WHAT YOU NEED TO DO
In your copy, set down the entries exactly and exclude the pictures.

[Stored records]
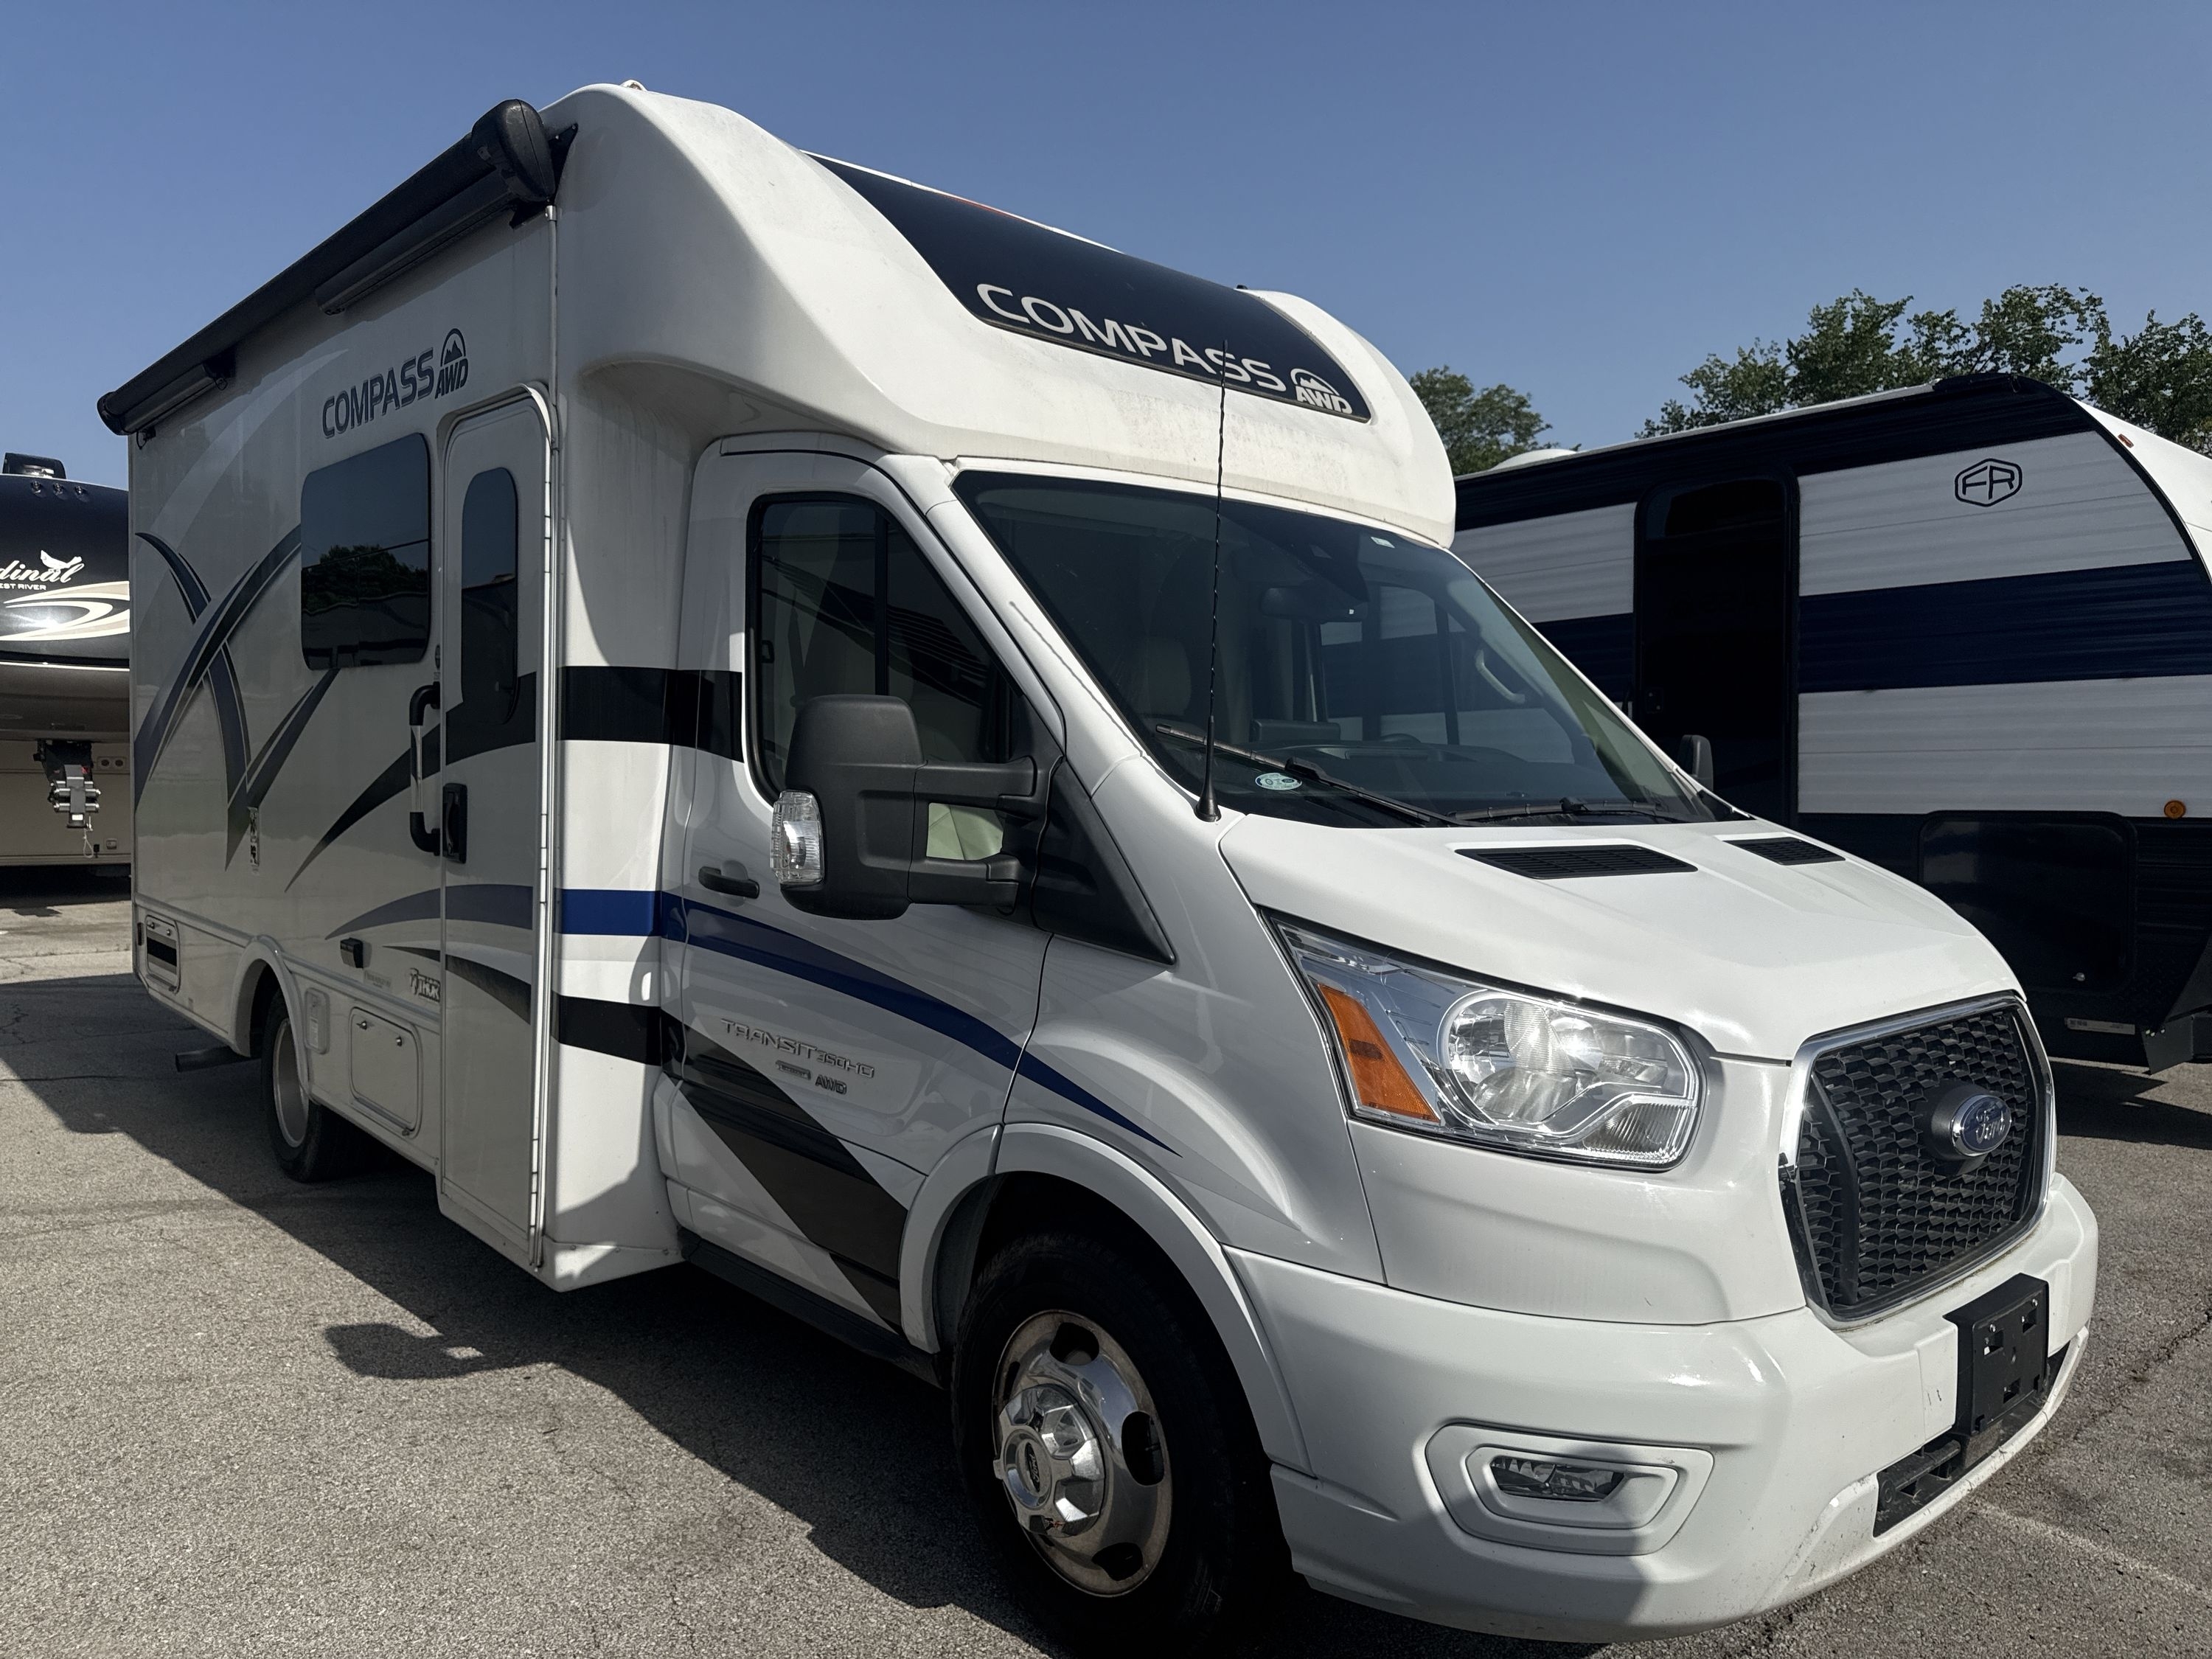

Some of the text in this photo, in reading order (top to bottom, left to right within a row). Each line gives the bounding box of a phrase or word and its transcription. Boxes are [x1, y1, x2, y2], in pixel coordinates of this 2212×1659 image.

[976, 283, 1352, 414] COMPASS AWD
[322, 347, 468, 439] COMPASS AWD
[1962, 465, 2015, 500] FR
[417, 975, 440, 1001] THOR
[720, 1018, 817, 1059] TRANSIT
[816, 1050, 874, 1078] 350HD
[815, 1074, 847, 1095] AWD
[1975, 1106, 2006, 1144] Ford

TASK SOLUTION
Some of the text in this photo, in reading order (top to bottom, left to right within a row). Each line gives the bounding box of a phrase or word and its transcription. Boxes are [x1, y1, x2, y2], in pixel coordinates of this 2212×1659 image.

[976, 283, 1352, 414] COMPASS AWD
[322, 347, 468, 439] COMPASS AWD
[1962, 465, 2015, 500] FR
[417, 975, 440, 1001] THOR
[720, 1018, 817, 1059] TRANSIT
[816, 1050, 874, 1078] 350HD
[815, 1074, 847, 1095] AWD
[1975, 1106, 2006, 1144] Ford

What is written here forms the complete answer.